# Breaking: General Motors Will Begin to Repay Government's $6.7 Billion Loan



## Administrator (Mar 14, 2008)

In a surprising move, General Motors has announced that it will begin to pay back $6.7 billion in loans to the U.S. and Canadian governments, starting as early as December. GM wasn't required (or expected) to begin paying back the loan until 2015.

The news comes as GM releases its third quarter results with a loss of $1.15 billion. That number isn't good but is significantly less than the losses the automaker has been reporting as of late.

"It's a lot better than what we had expected," said company CEO Fritz Henderson in a conference call. "Nonetheless, it's a loss, and you cannot be satisfied with it."

Henderson also released a statement in which he said that, "We have significantly more work to do, but today's results provide evidence of the solid foundation we're building for the new GM."

The news comes after General Motors announced its October sales, with the auto-giant posting its first sales gain in 21 months.

The repayment process will begin with a $1 billion payment to the U.S. treasury in December, with a $192 million payment to the Canadian government. The $6.7 billion loan, is however, a small portion of what GM borrowed from the U.S government, with $50 billion in total coming from the taxpayers. The majority of that amount was given in exchange for the Treasury's 61 percent ownership of the automaker. The treasury has said it will begin selling shares in GM once the 6.7 billion loan is reduced to $3 billion.

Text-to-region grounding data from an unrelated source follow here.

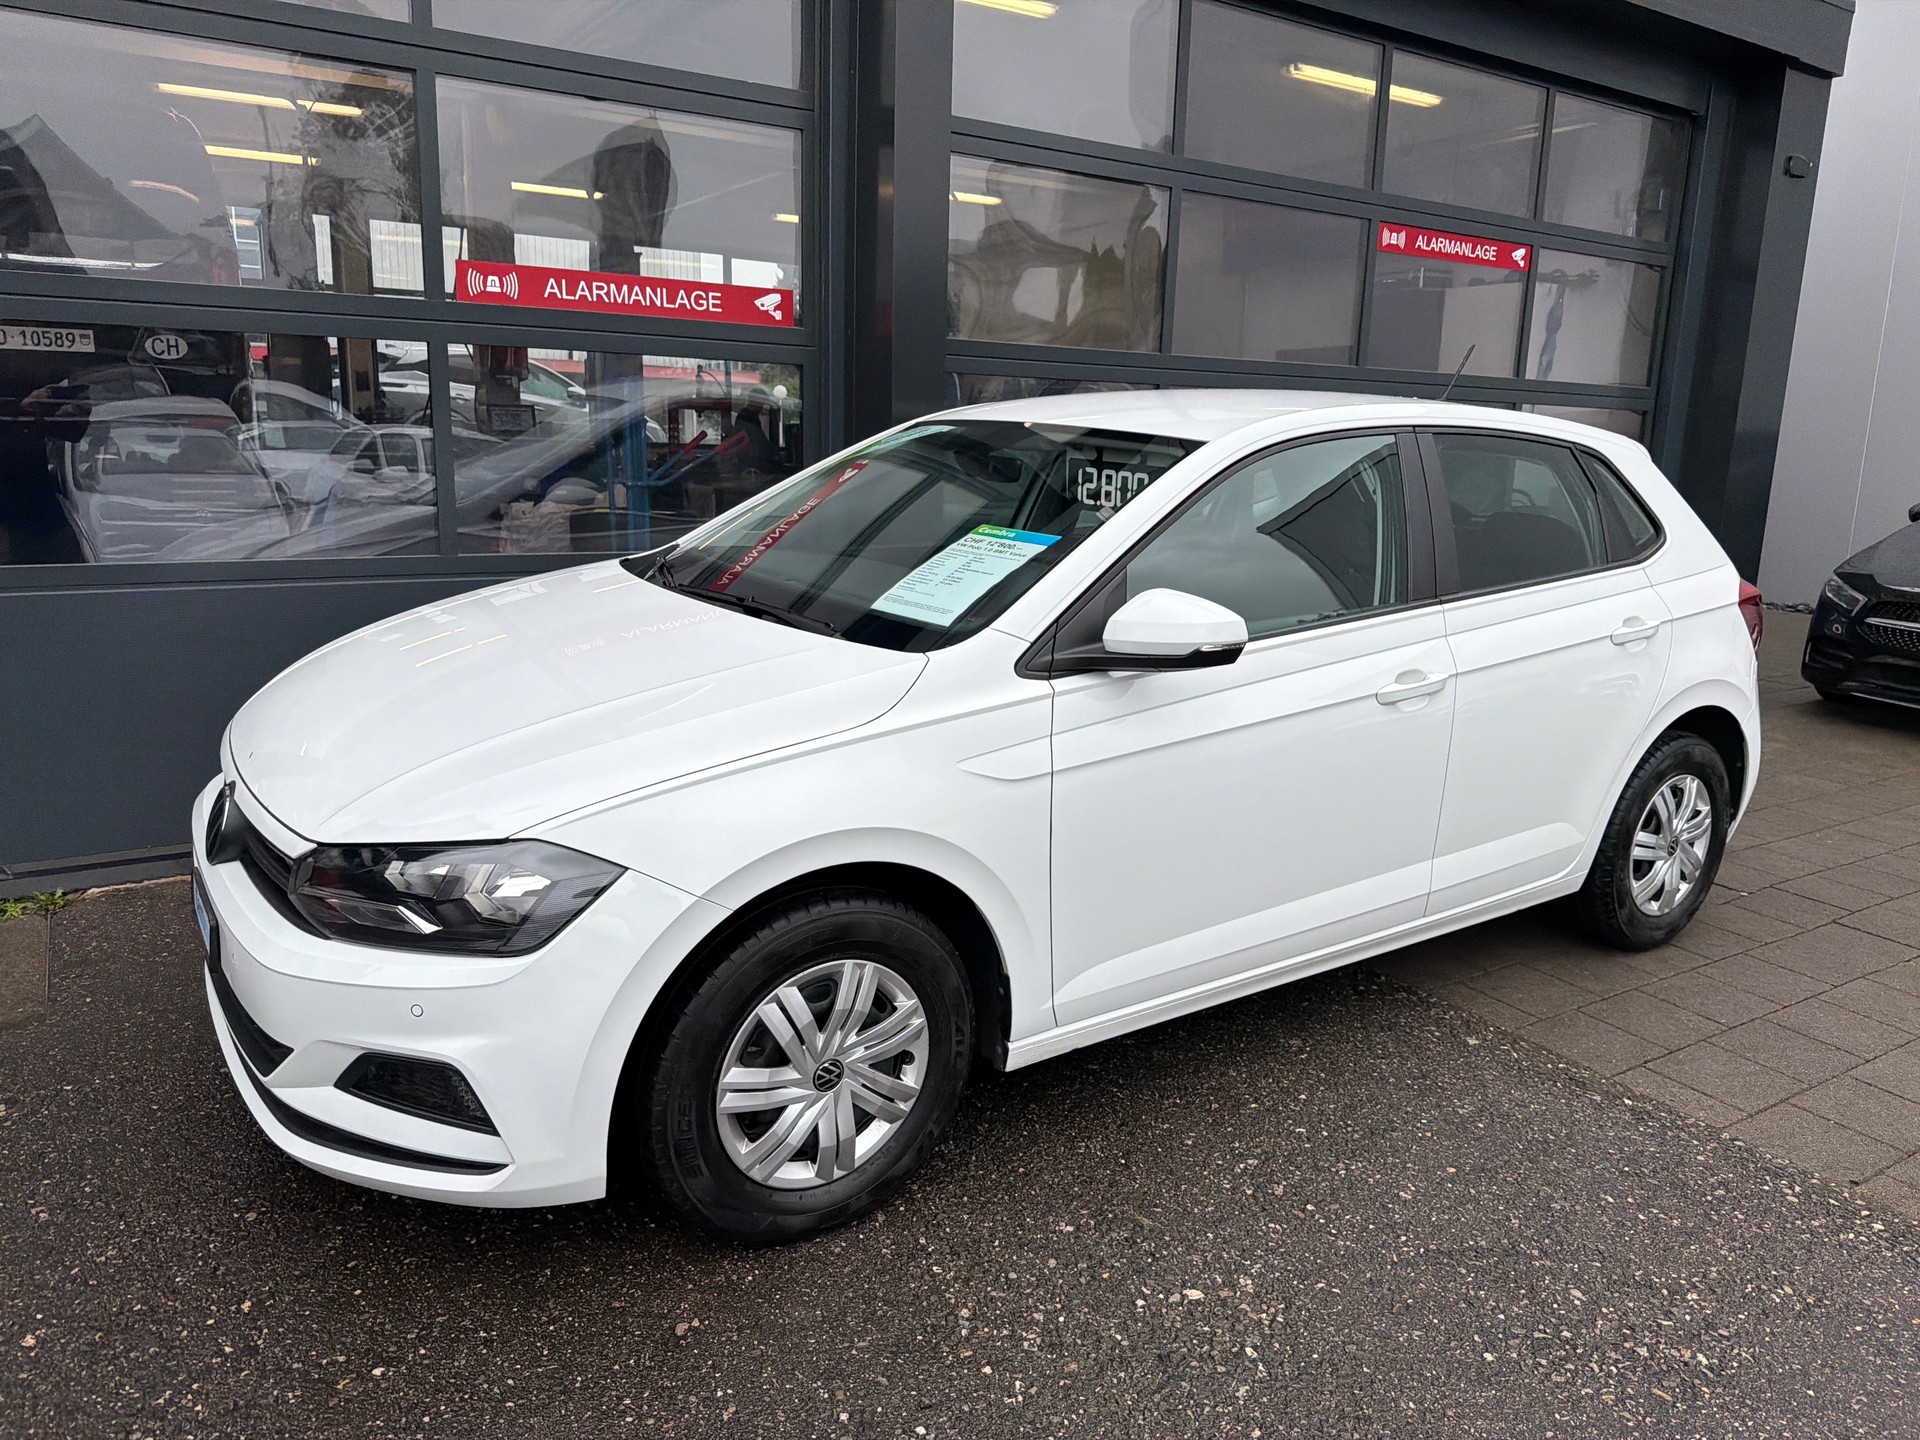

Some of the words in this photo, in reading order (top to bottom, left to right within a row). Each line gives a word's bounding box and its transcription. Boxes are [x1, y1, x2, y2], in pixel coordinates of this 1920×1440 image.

[1415, 234, 1498, 261] ALARMANLAGE
[544, 277, 723, 312] ALARMANLAGE
[151, 337, 180, 356] CH
[978, 527, 1016, 537] Cembra
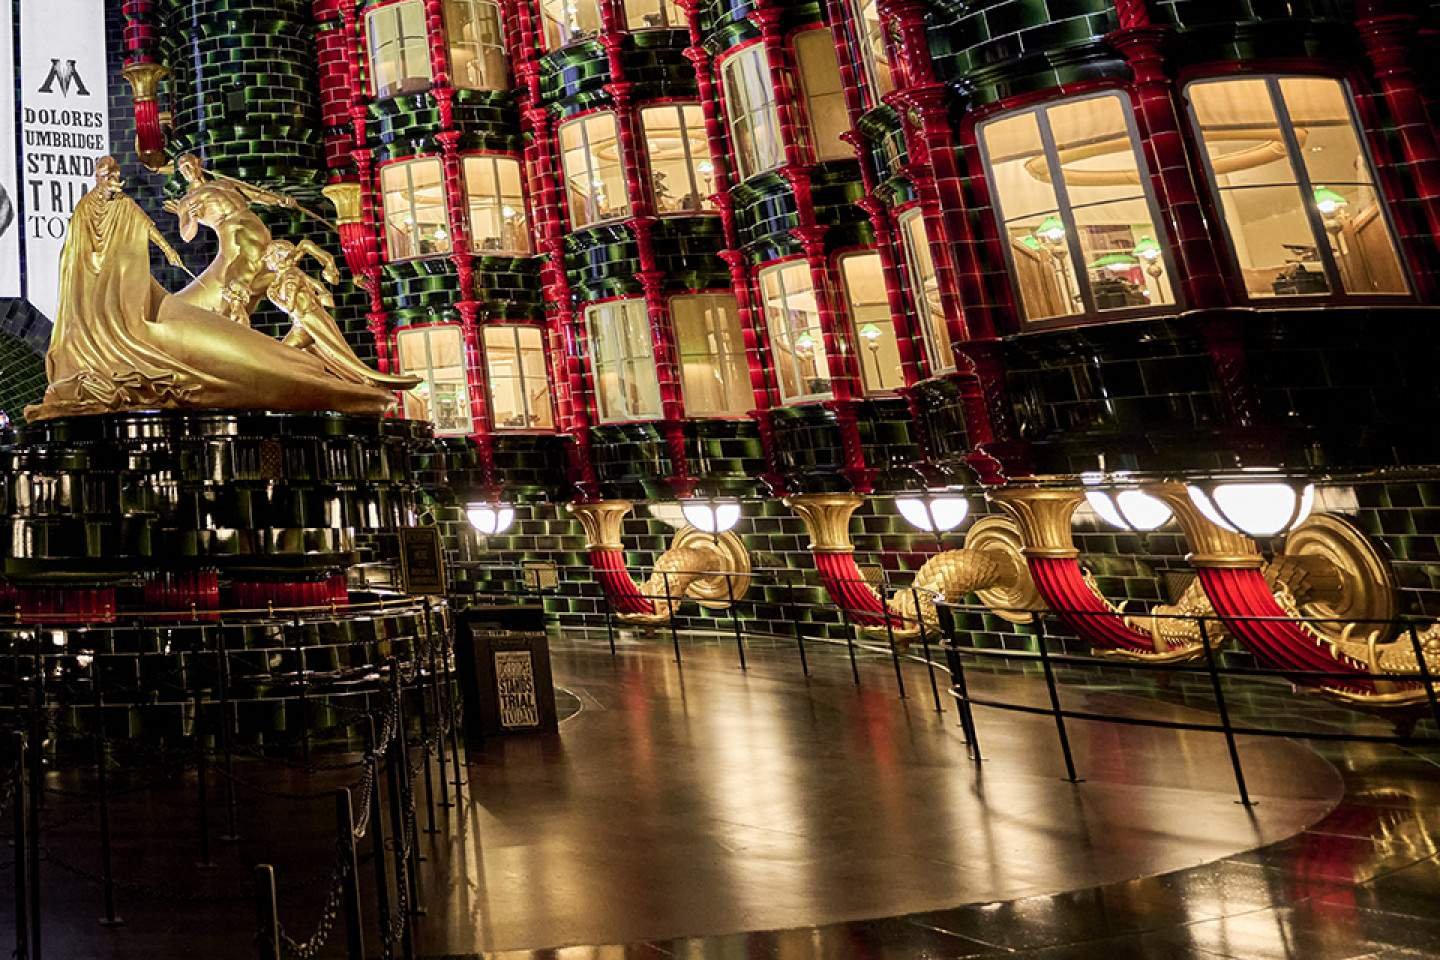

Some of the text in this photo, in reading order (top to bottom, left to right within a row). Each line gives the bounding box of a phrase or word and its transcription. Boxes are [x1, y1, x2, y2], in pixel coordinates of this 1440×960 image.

"I've been asked since we went into the bankruptcy, probably a hundred times, 'When are you going to start paying back the taxpayer?' The answer," said Henderson, "is now."

More: *Breaking: General Motors Will Begin to Repay Government's $6.7 Billion Loan* on AutoGuide.com


----------



## MJGTOWISH (Jun 15, 2006)

*Great now the ford people can stop asking me. I really wished they made a profit so i could rub it in there darn faces.*


----------